Collected data
+ + + + + + +

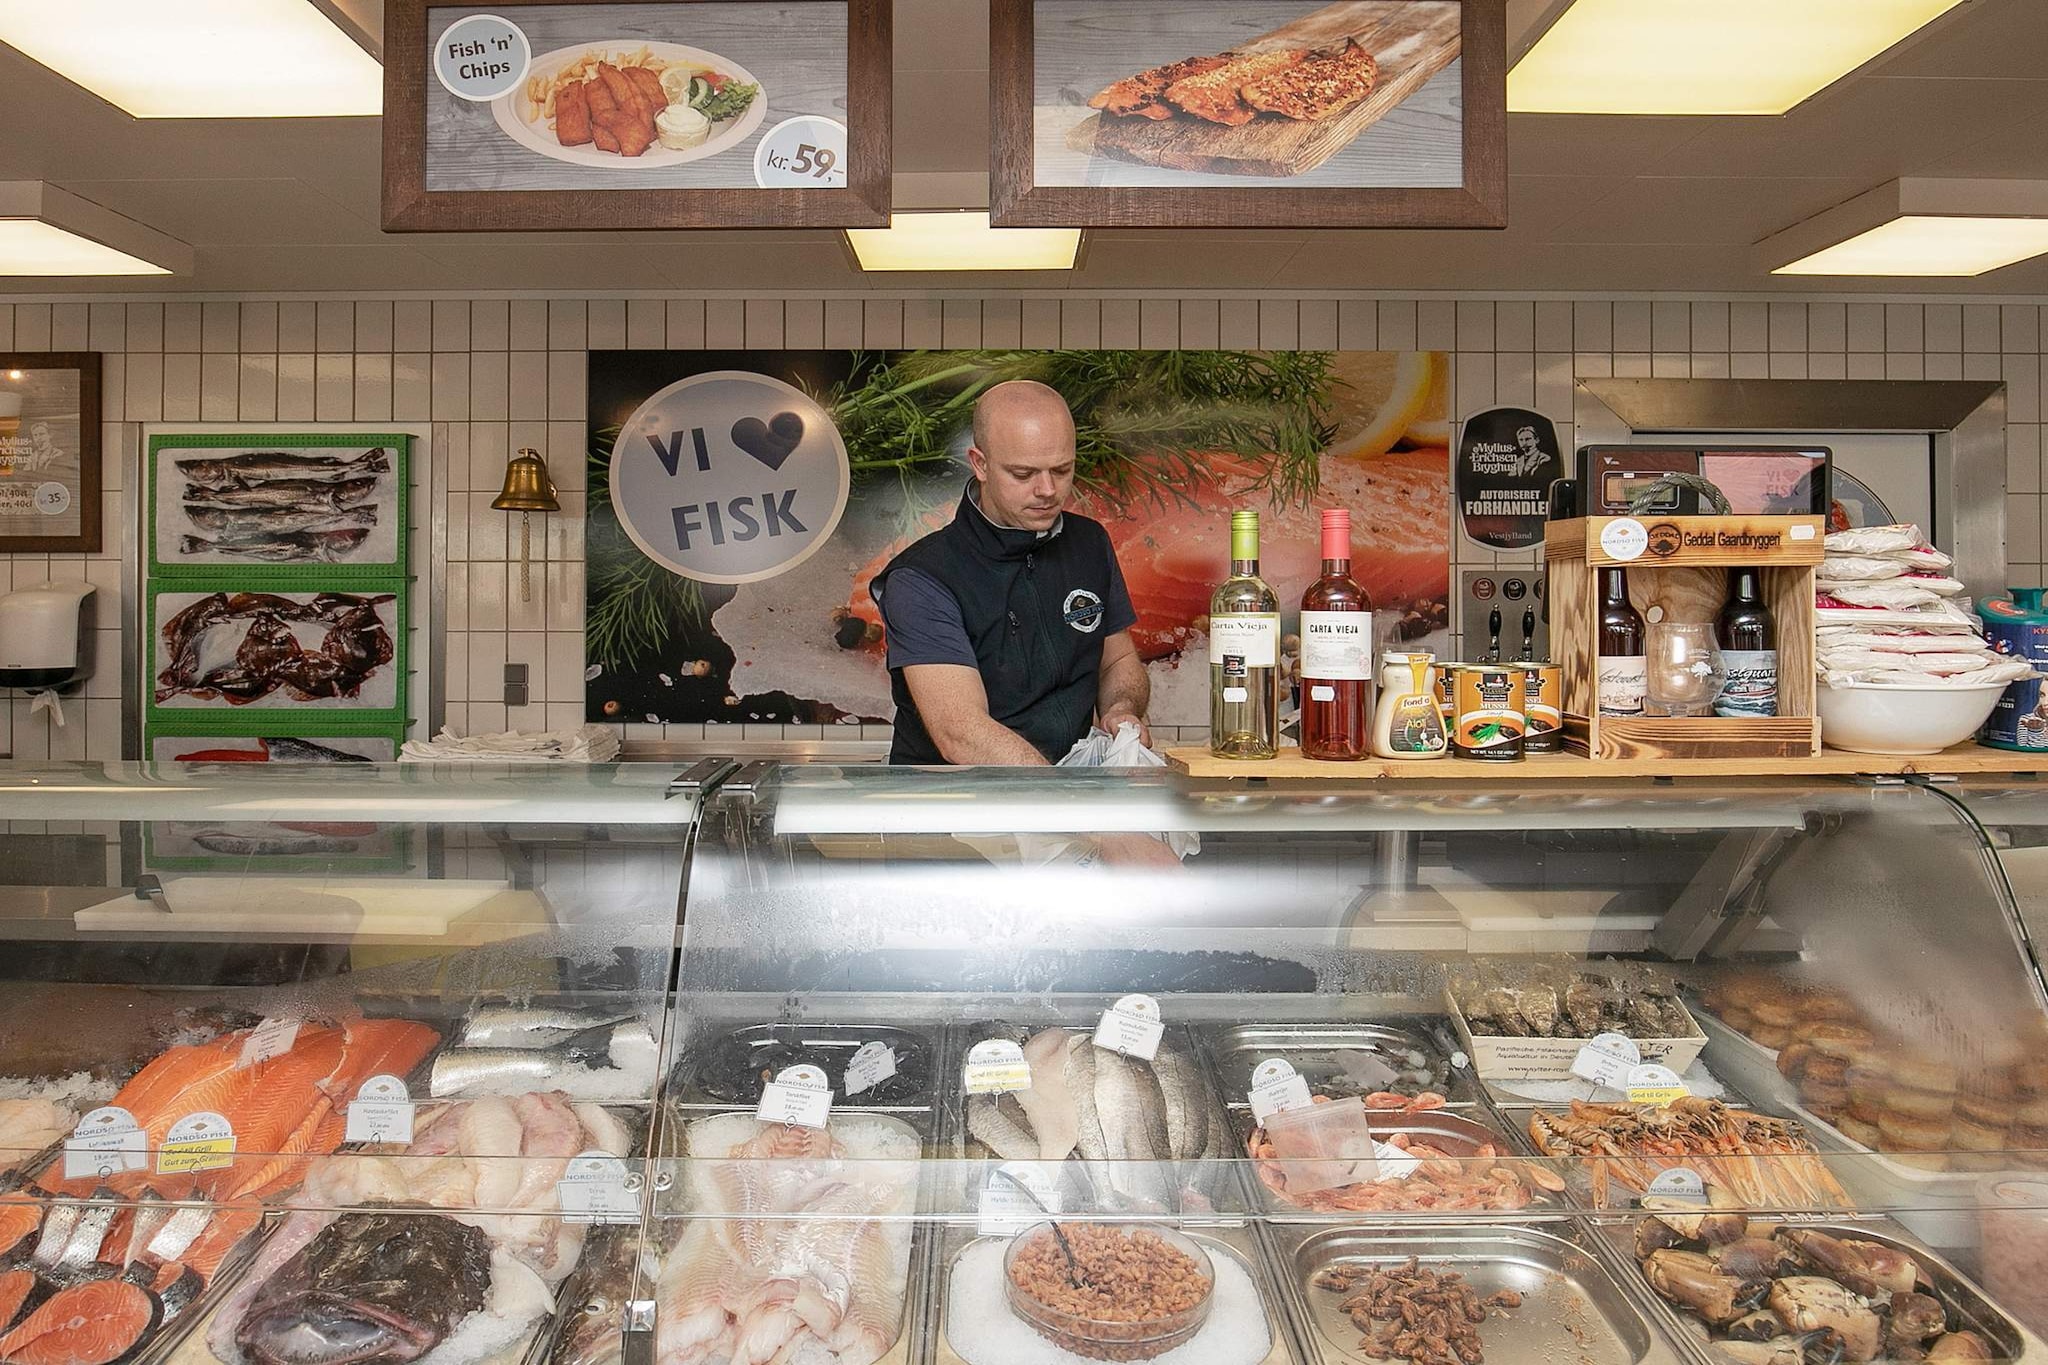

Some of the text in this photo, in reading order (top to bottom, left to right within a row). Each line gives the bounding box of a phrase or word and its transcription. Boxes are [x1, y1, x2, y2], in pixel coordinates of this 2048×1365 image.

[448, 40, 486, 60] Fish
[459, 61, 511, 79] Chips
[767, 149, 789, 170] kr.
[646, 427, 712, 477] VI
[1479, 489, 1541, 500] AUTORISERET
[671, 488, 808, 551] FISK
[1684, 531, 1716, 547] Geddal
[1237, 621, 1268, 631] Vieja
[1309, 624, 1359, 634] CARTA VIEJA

+ + + + + + +

§ YOUR INSTRUCTIONS
Leaving out the images, return the entries above exactly as they read.

§ SOLVED PROBLEM
Some of the text in this photo, in reading order (top to bottom, left to right within a row). Each line gives the bounding box of a phrase or word and its transcription. Boxes are [x1, y1, x2, y2], in pixel coordinates of this 2048×1365 image.

[448, 40, 486, 60] Fish
[459, 61, 511, 79] Chips
[767, 149, 789, 170] kr.
[646, 427, 712, 477] VI
[1479, 489, 1541, 500] AUTORISERET
[671, 488, 808, 551] FISK
[1684, 531, 1716, 547] Geddal
[1237, 621, 1268, 631] Vieja
[1309, 624, 1359, 634] CARTA VIEJA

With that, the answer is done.